*** Opening Data records ***
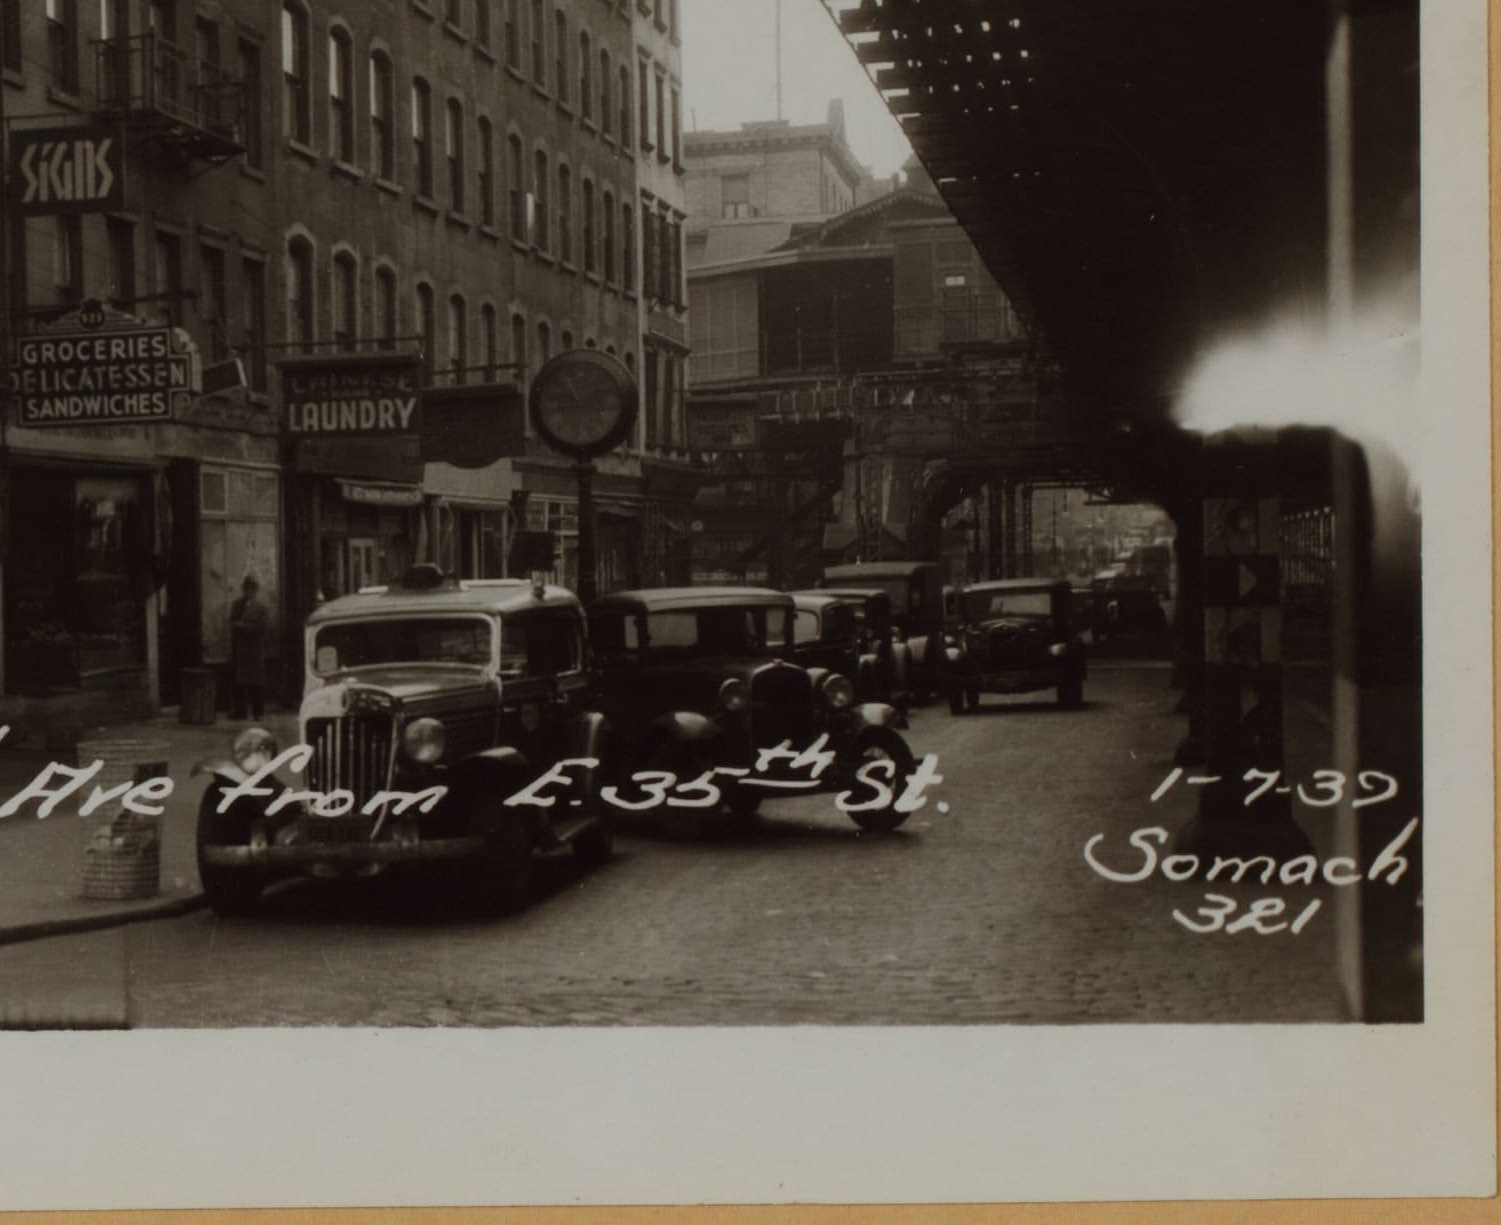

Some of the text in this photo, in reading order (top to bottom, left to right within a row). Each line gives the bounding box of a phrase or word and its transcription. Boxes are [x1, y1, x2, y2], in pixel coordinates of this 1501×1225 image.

[22, 335, 167, 365] GROCERIES
[26, 391, 166, 420] SANDWICHES
[288, 397, 418, 433] LAUNDRY
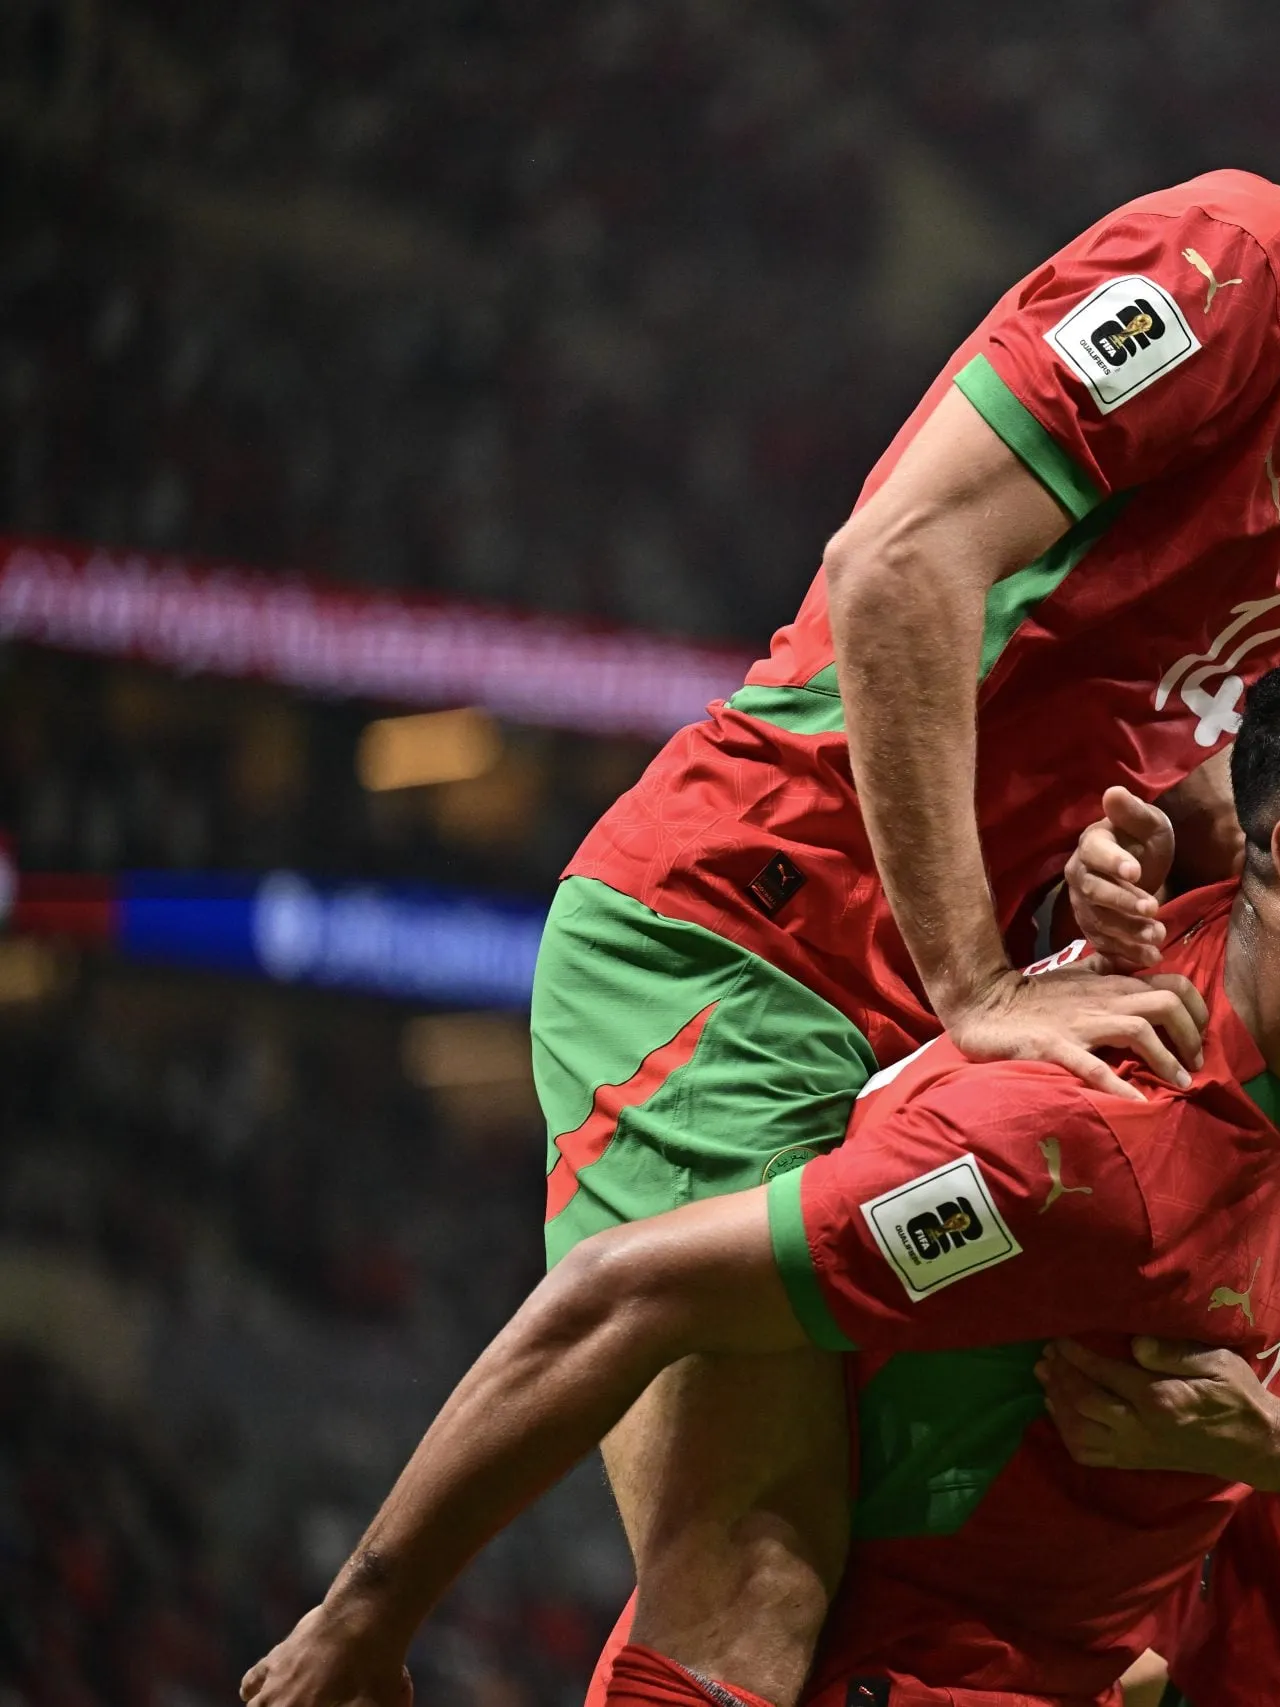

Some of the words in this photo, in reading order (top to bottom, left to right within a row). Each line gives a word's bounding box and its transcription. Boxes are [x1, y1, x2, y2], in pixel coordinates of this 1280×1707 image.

[1079, 339, 1111, 376] QUALIFIERS
[1099, 338, 1117, 358] FIFA
[914, 1229, 931, 1251] FIFA
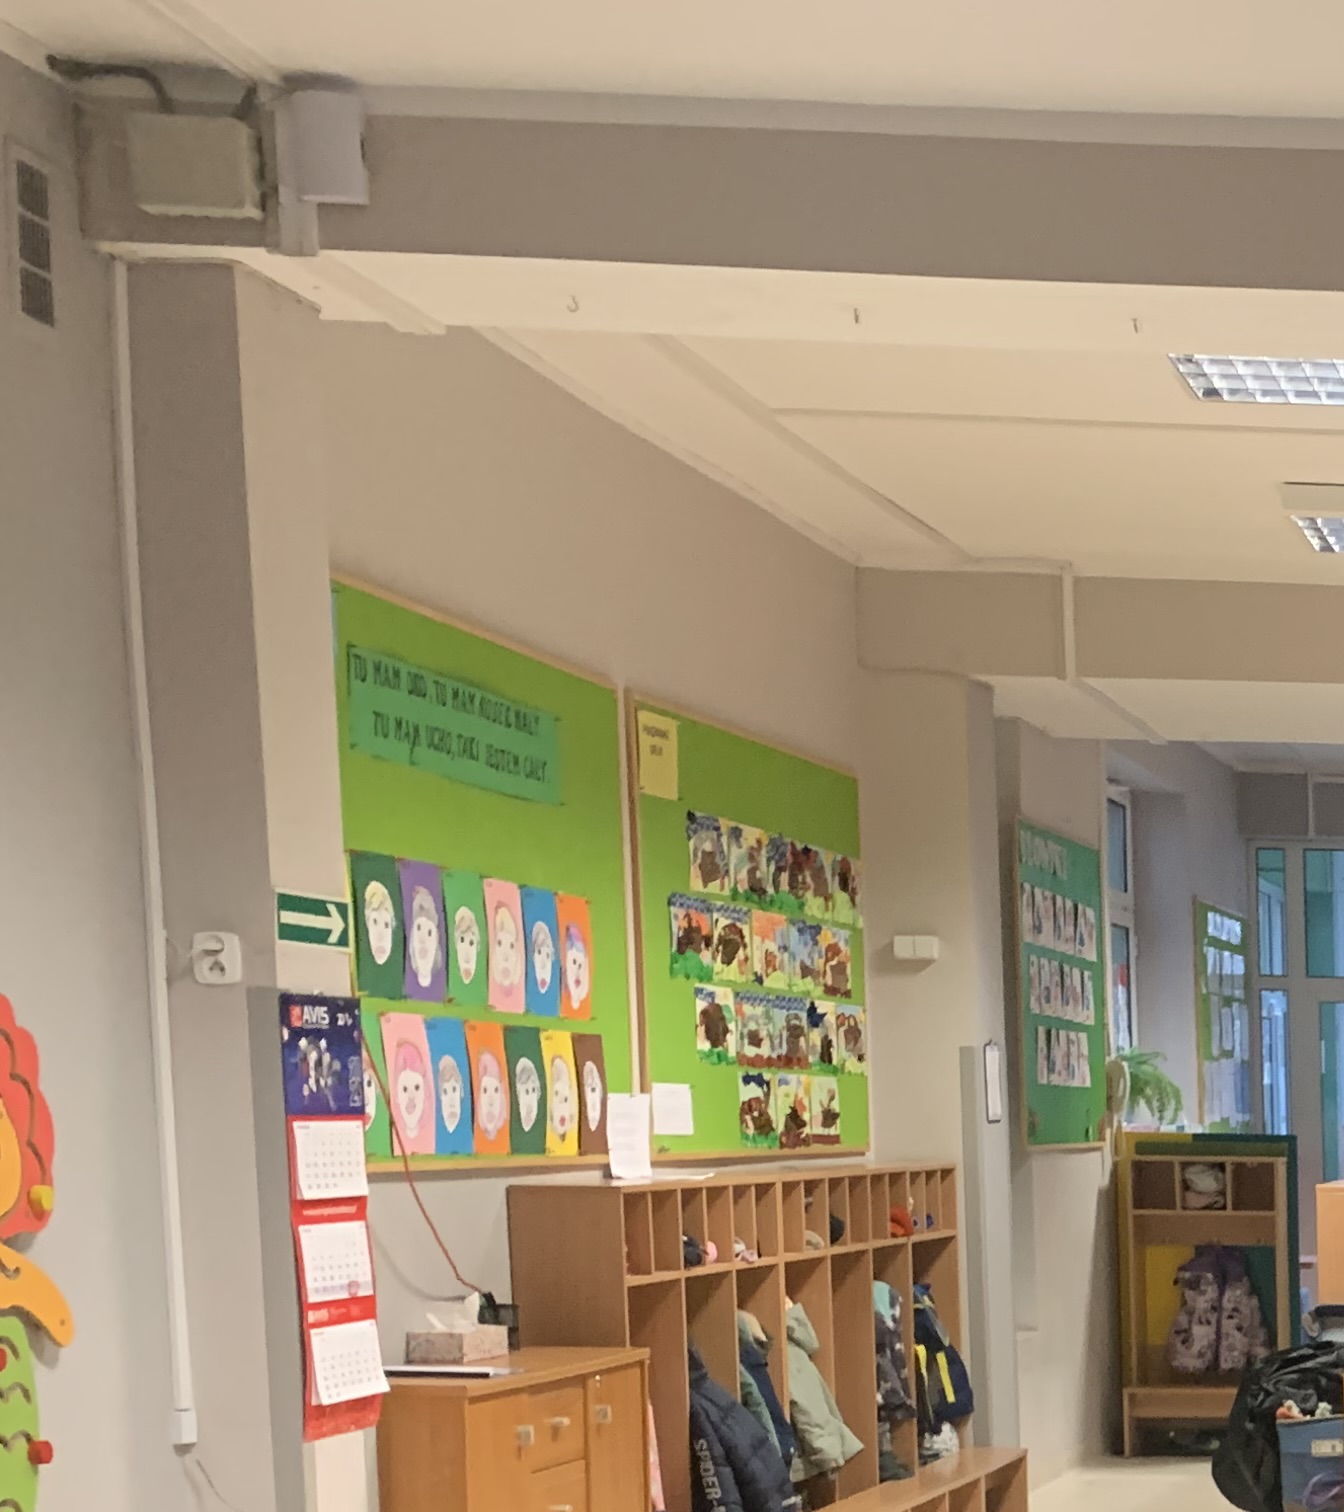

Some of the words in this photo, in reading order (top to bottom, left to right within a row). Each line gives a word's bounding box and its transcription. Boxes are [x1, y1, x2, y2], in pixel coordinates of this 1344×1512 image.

[352, 653, 367, 683] TU
[373, 659, 401, 691] MAM
[433, 679, 447, 708] TU
[451, 687, 476, 716] MAM
[372, 710, 390, 739] TU
*** Closing Data records ***
— The task —
Word for word, repeat the lines of data above, omitting every picture.

— Written response —
Some of the text in this photo, in reading order (top to bottom, left to right within a row). Each line gives the bounding box of a phrase or word and its transcription. Boxes are [x1, y1, x2, y2], in pixel coordinates of this 1501×1225 image.

[22, 335, 167, 365] GROCERIES
[26, 391, 166, 420] SANDWICHES
[288, 397, 418, 433] LAUNDRY

Some of the words in this photo, in reading order (top to bottom, left to right within a row). Each line gives a word's bounding box and its transcription. Boxes are [x1, y1, x2, y2], in pixel coordinates of this 1280×1707 image.

[1079, 339, 1111, 376] QUALIFIERS
[1099, 338, 1117, 358] FIFA
[914, 1229, 931, 1251] FIFA

Some of the words in this photo, in reading order (top to bottom, left to right within a row). Each line gives a word's bounding box and its transcription. Boxes are [x1, y1, x2, y2], in pixel coordinates of this 1344×1512 image.

[352, 653, 367, 683] TU
[373, 659, 401, 691] MAM
[433, 679, 447, 708] TU
[451, 687, 476, 716] MAM
[372, 710, 390, 739] TU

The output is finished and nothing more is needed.